Exercise prompt: The records below must be returned in full and unaltered.

(Beginning of Dataset extract)

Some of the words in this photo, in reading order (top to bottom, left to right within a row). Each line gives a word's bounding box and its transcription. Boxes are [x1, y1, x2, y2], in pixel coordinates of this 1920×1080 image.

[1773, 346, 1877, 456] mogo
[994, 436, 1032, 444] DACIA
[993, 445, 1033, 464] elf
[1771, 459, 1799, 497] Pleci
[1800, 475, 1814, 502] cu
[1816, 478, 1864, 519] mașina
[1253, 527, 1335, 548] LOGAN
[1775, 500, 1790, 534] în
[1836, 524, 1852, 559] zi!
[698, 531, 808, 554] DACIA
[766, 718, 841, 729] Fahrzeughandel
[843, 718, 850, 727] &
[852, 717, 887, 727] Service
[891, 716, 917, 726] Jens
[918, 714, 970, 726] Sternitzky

(End of Dataset extract)

Solution to the problem:
Some of the words in this photo, in reading order (top to bottom, left to right within a row). Each line gives a word's bounding box and its transcription. Boxes are [x1, y1, x2, y2], in pixel coordinates of this 1920×1080 image.

[1773, 346, 1877, 456] mogo
[994, 436, 1032, 444] DACIA
[993, 445, 1033, 464] elf
[1771, 459, 1799, 497] Pleci
[1800, 475, 1814, 502] cu
[1816, 478, 1864, 519] mașina
[1253, 527, 1335, 548] LOGAN
[1775, 500, 1790, 534] în
[1836, 524, 1852, 559] zi!
[698, 531, 808, 554] DACIA
[766, 718, 841, 729] Fahrzeughandel
[843, 718, 850, 727] &
[852, 717, 887, 727] Service
[891, 716, 917, 726] Jens
[918, 714, 970, 726] Sternitzky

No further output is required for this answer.